START RECORDS PROVIDED

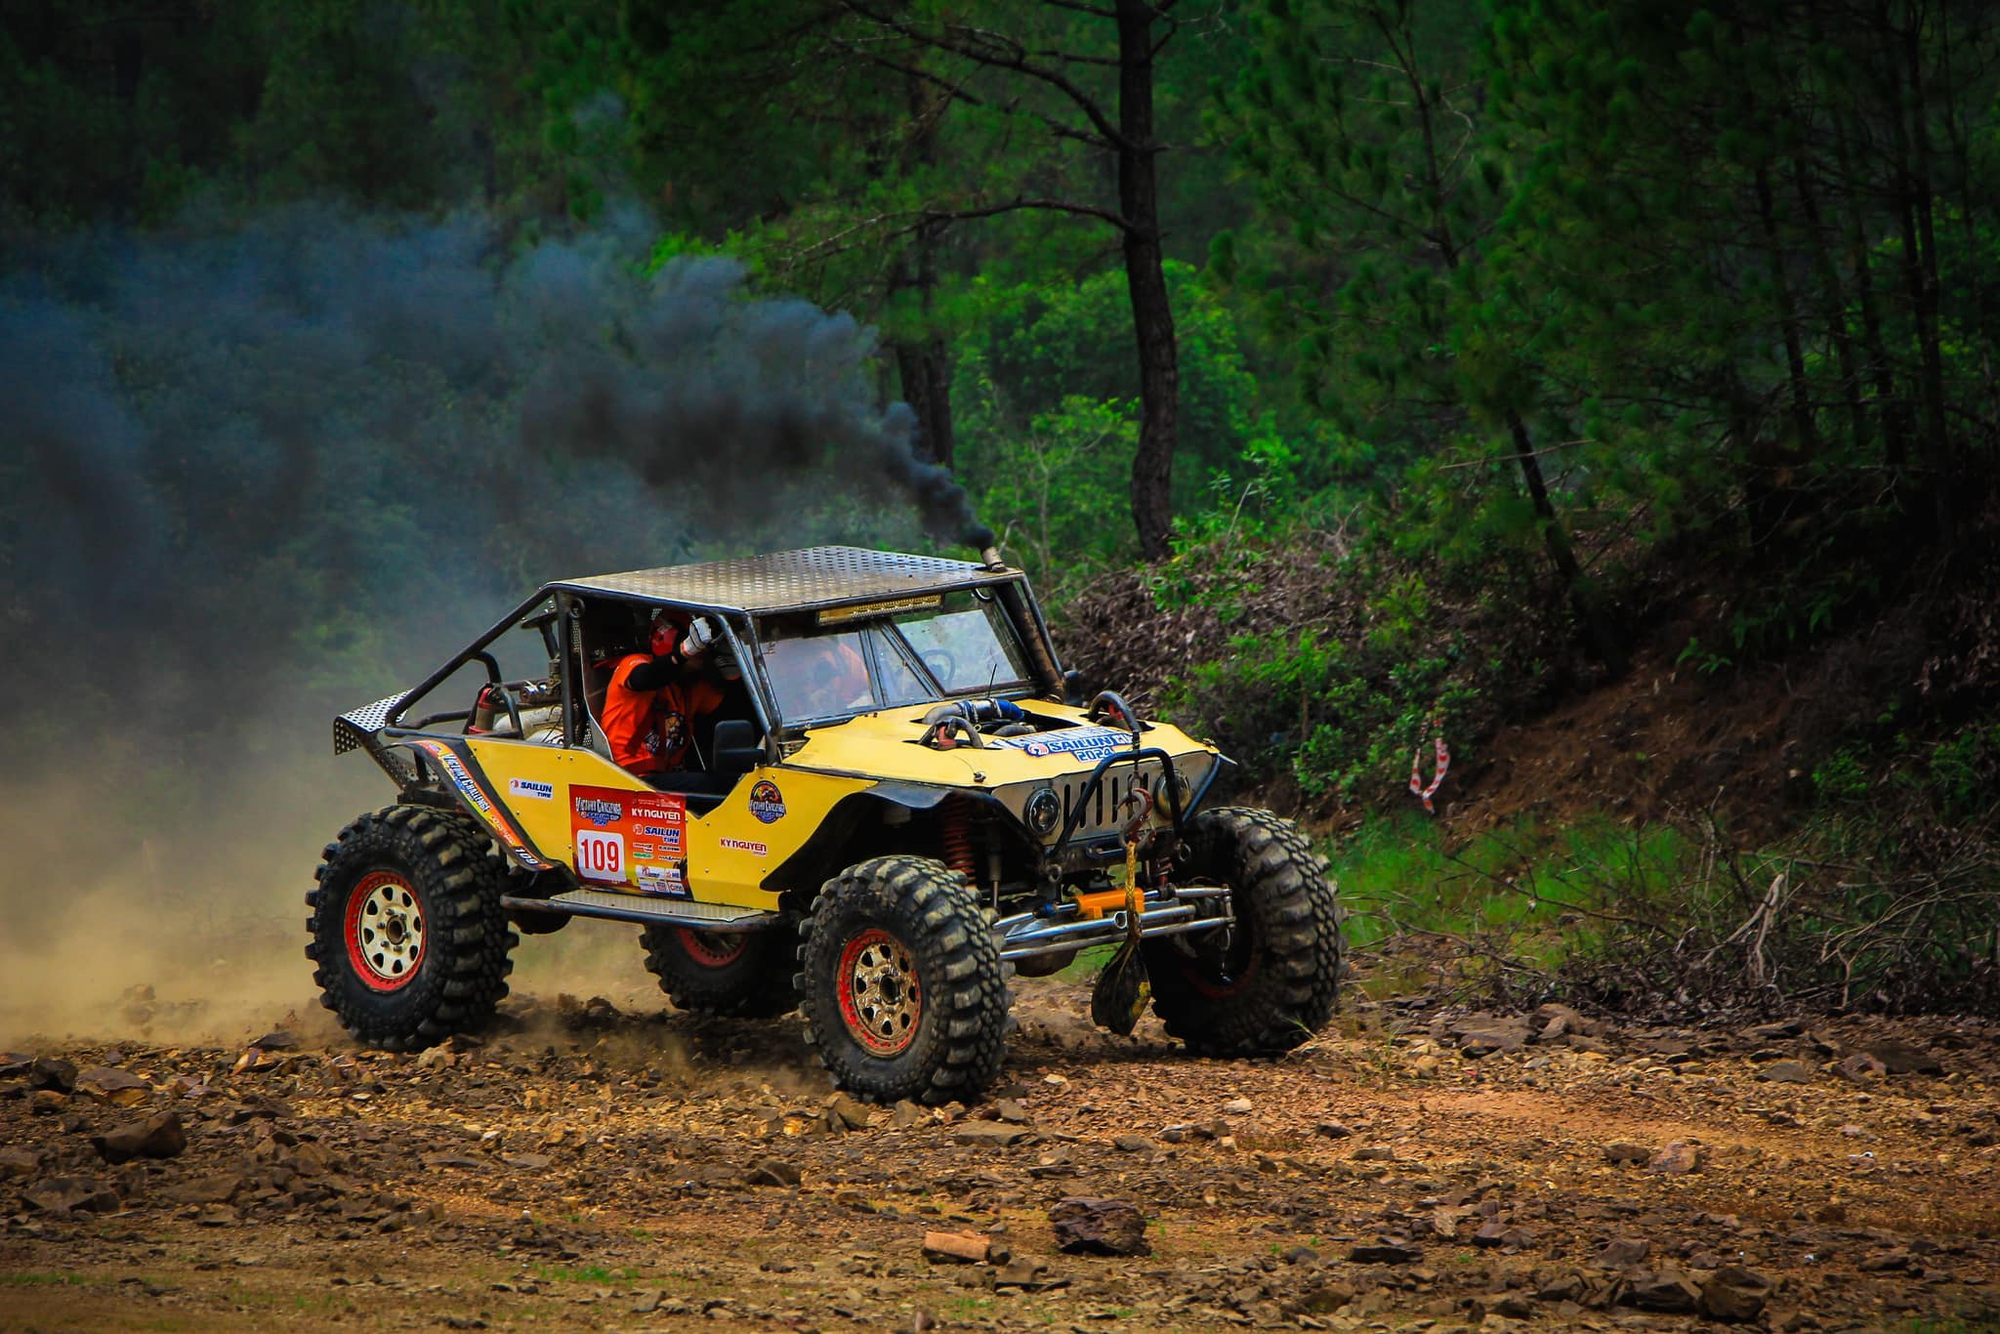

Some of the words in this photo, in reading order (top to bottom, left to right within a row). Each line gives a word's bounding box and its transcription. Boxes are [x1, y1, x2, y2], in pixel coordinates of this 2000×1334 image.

[1050, 736, 1112, 752] SAILUN
[1077, 747, 1114, 763] 2024
[520, 781, 552, 792] SAILUN
[644, 826, 680, 837] SAILUN
[515, 848, 539, 866] 109
[581, 839, 620, 873] 109
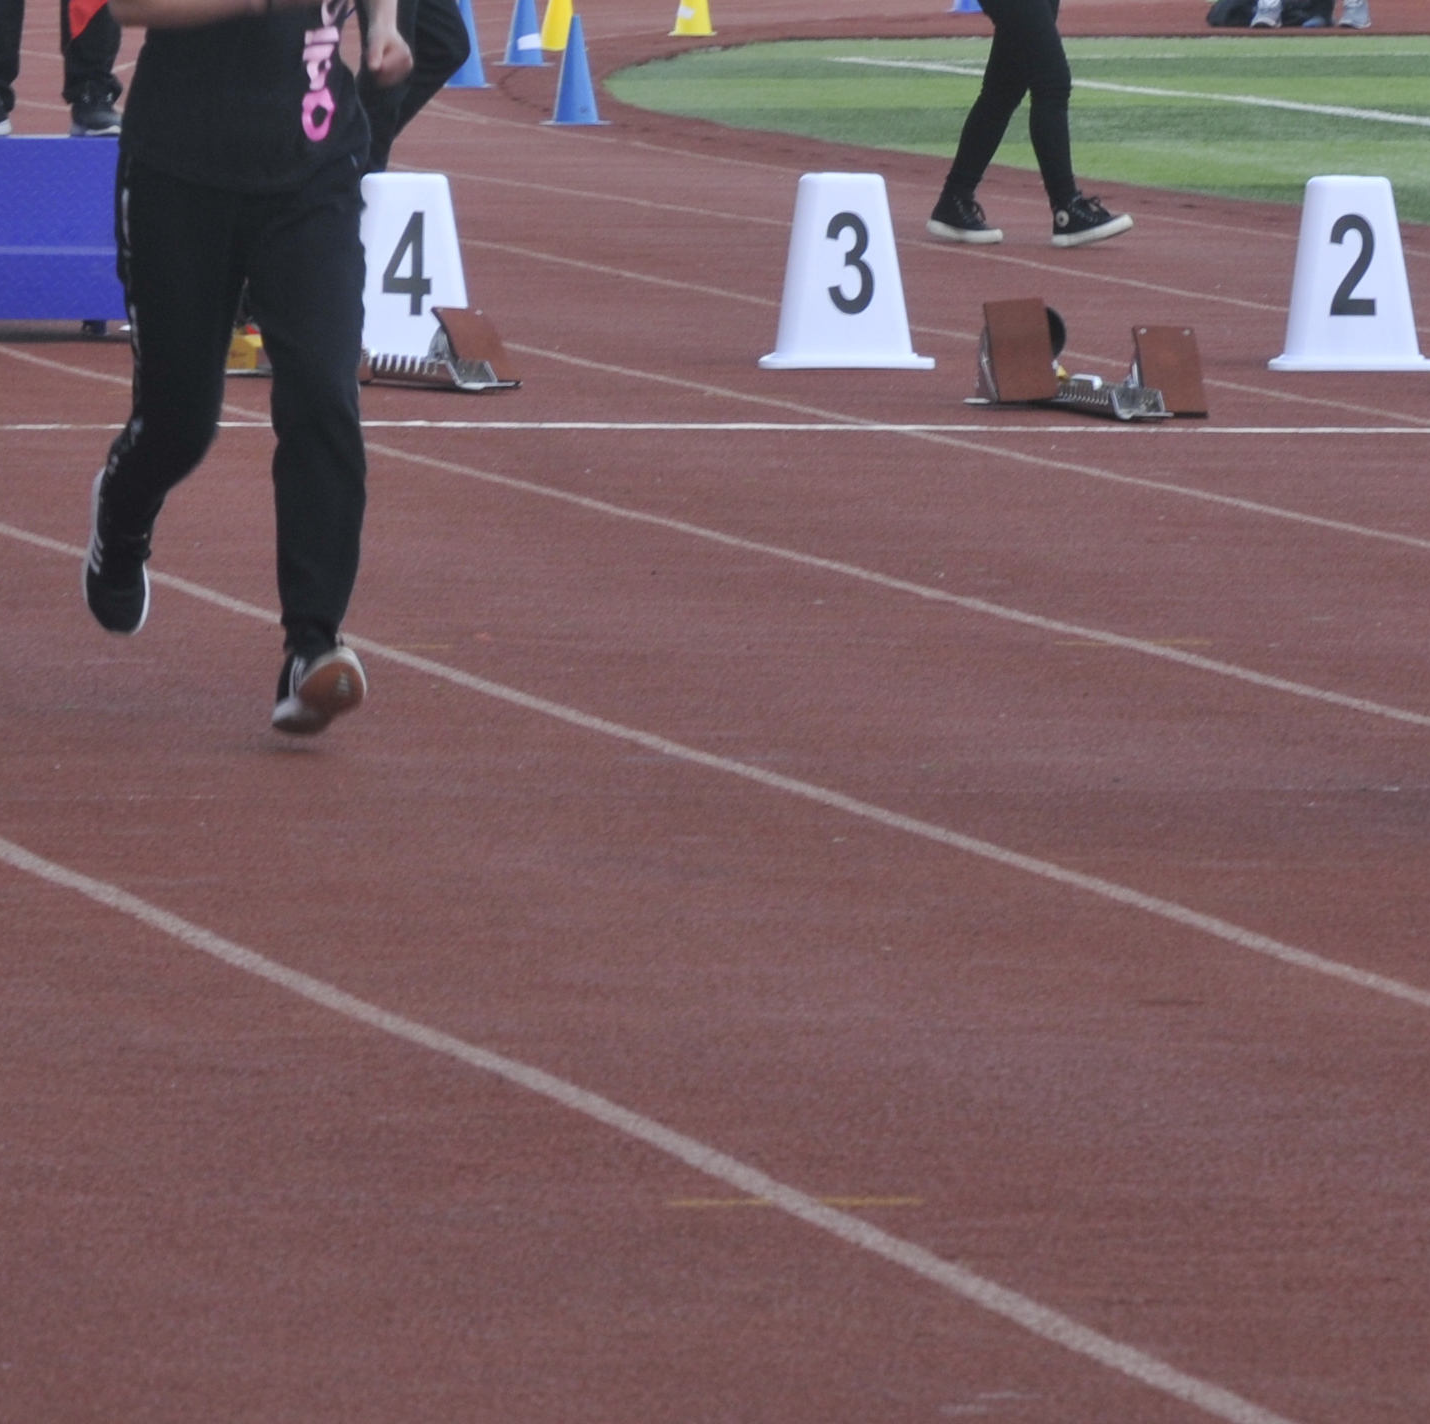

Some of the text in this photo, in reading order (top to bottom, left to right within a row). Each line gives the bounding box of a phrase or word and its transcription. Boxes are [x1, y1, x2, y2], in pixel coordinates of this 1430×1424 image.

END RECORDS PROVIDED

Your task is to retype all the entries exactly and leave out any pictures.

Some of the words in this photo, in reading order (top to bottom, left to right within a row). Each line gives a word's bounding box and its transcription. Boxes are [x1, y1, x2, y2], in pixel coordinates of this 2000×1334 image.

[1050, 736, 1112, 752] SAILUN
[1077, 747, 1114, 763] 2024
[520, 781, 552, 792] SAILUN
[644, 826, 680, 837] SAILUN
[515, 848, 539, 866] 109
[581, 839, 620, 873] 109

Some of the text in this photo, in reading order (top to bottom, left to right within a row). Each line gives the bounding box of a phrase or word and its transcription. Boxes are [x1, y1, x2, y2], in pixel coordinates of this 1430×1424 image.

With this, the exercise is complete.